Design, synthesis and evaluation of phenyl sulfonyl fluoride substituted ruthenium polypyridine complex as antibacterial agent targeting cell membrane

The emergence of multidrug-resistance bacteria has significantly increased mortality rates and difficulty to treatment. Therefore, it is an urgent need to develop new antimicrobial agents to address this seriously situation. In this study, three functionalized phenyl sulfonyl fluoride polypyridine ruthenium complexes [Ru(bpy)2(PBSOP)](PF6)2 (Ru1), [Ru(dmb)2(PBSOF)](PF6)2 (Ru2), and [Ru(dtb)2(PBSOF)](PF6)2 (Ru3), were synthesized and evaluated their antibacterial activity. Results showed that in vitro the minimum inhibitory concentration (MIC) of Ru3 against S. aureus was only 3.125 µg/mL compared other two compounds. In addition, Ru3 also exhibits low hemolytic activity and good biocompatibility, while inhibiting toxin secretion and biofilm formation.

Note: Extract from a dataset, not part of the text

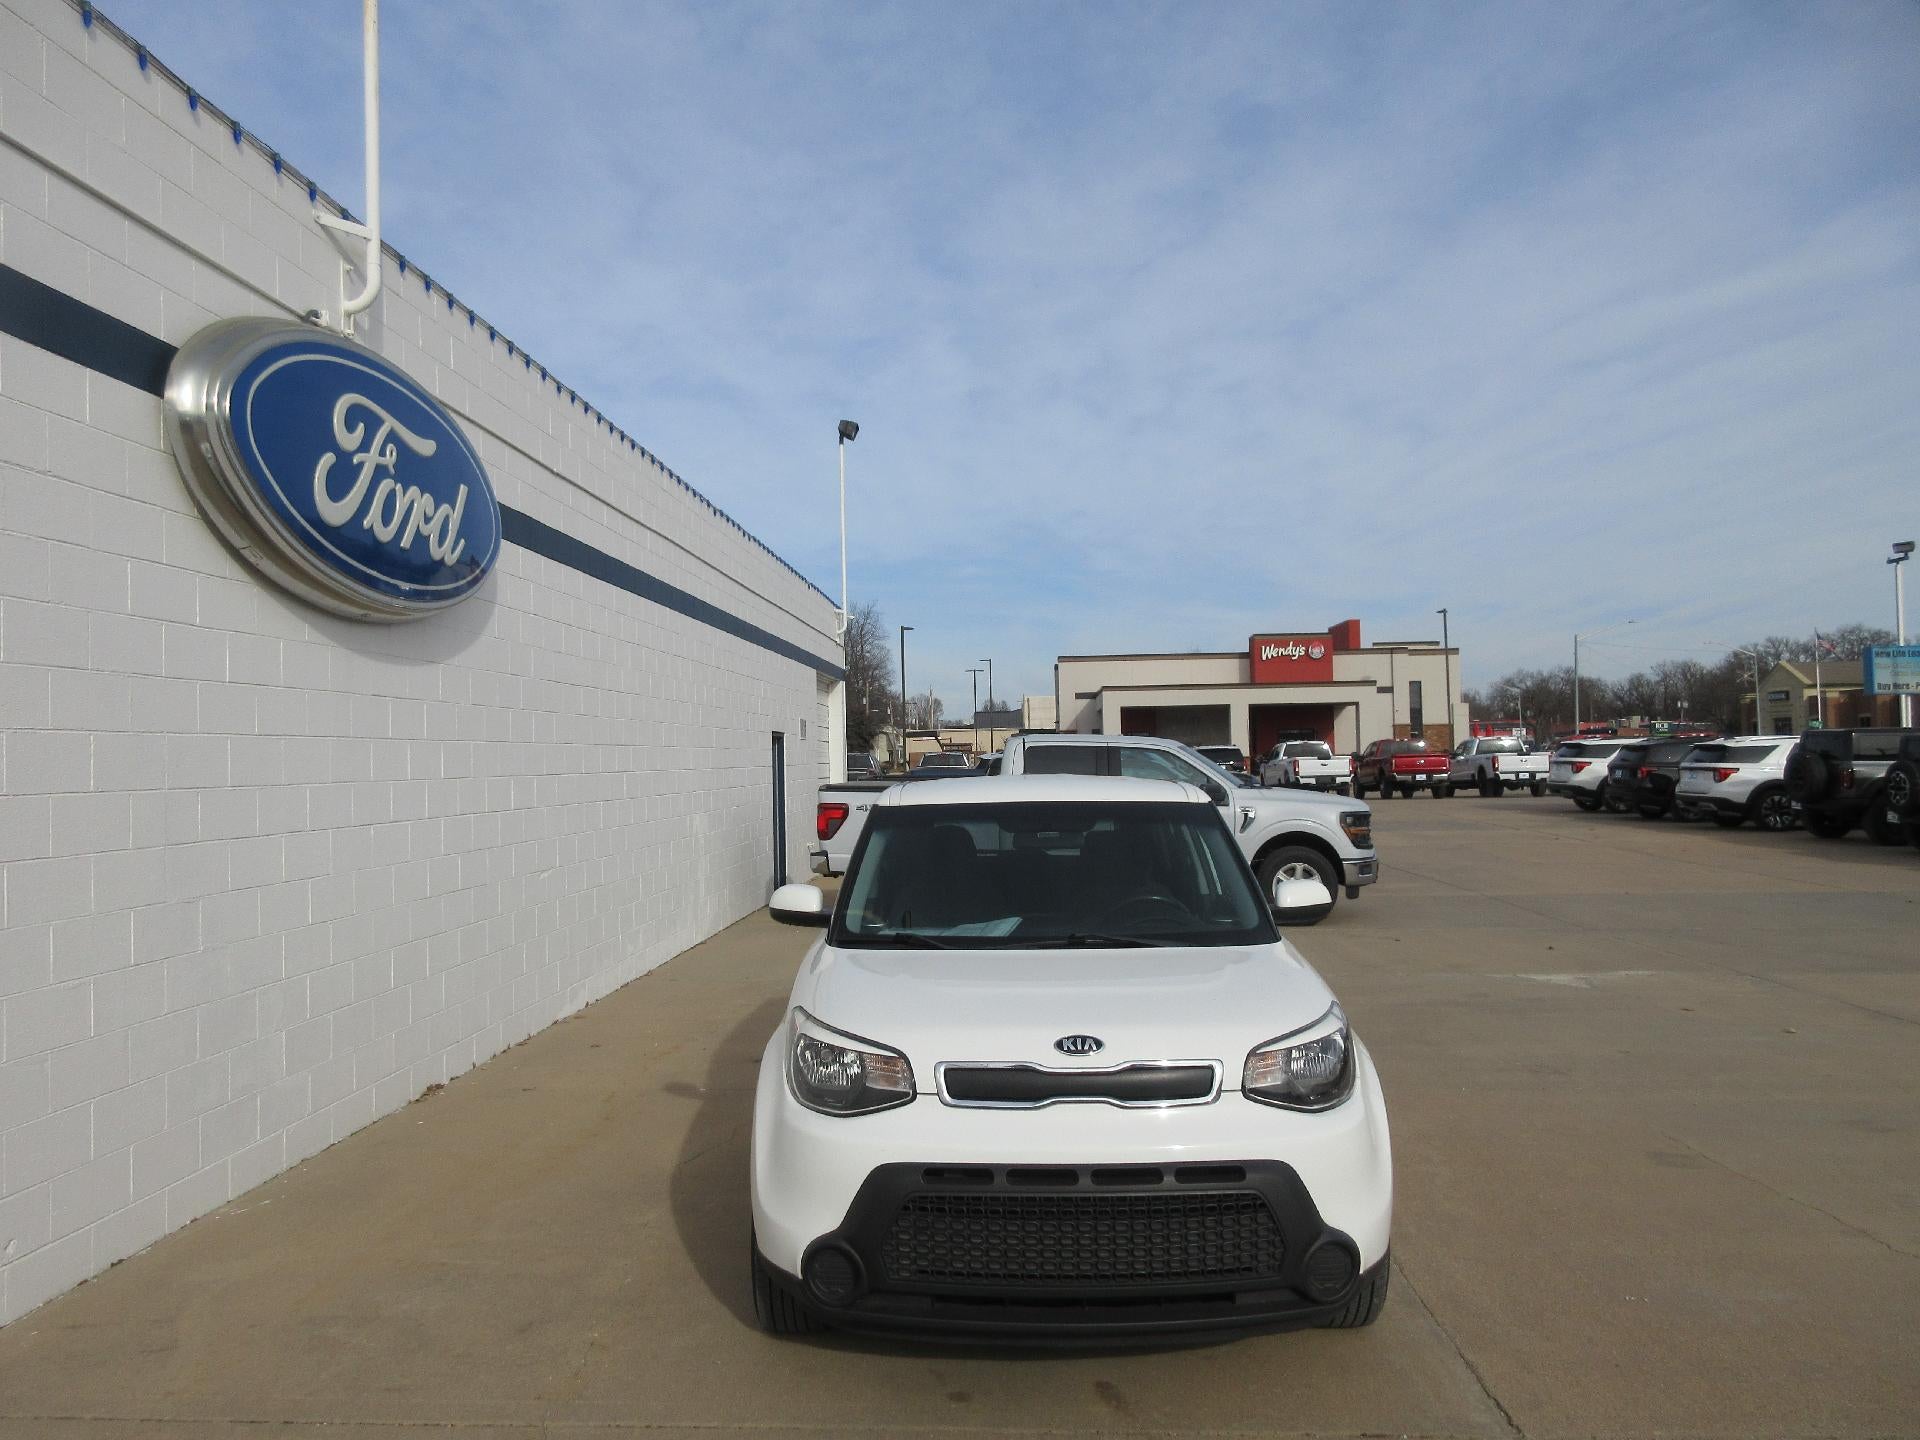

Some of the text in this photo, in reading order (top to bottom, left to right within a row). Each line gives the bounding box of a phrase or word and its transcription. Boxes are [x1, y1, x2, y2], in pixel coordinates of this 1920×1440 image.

[313, 393, 469, 567] Ford
[1261, 641, 1306, 660] Wendy's
[1062, 1037, 1098, 1051] KIA

As a result, it restores antibiotic sensitivity and reduces to drug resistance. Interestingly, Ru3 can also target phosphatidylglycerol (PG), an important component of Gram-positive bacterial cell membranes, there by disrupting the integrity of the bacterial cell membrane. Finally, Ru3 also exerted promising therapeutic effects in vivo infection models, with Galleria mellonella larvae showing up to 70% therapeutic efficacy. In the mouse peritonitis model, Ru3 could cure 80% of the mice with a single dose of 20 mg/kg. In the mouse skin infection model, Ru3 still showed excellent therapeutic effect, strong wound healing ability, and no irritation to the mouse skin. In conclusion, those phenyl sulfonyl fluoride ruthenium polypyridine complexes obtained exhibit robust antibacterial activity with satisfactory biocompatibility thus offering enormous potential for antibacterial treatment providing a new perspective on addressing the current global crisis.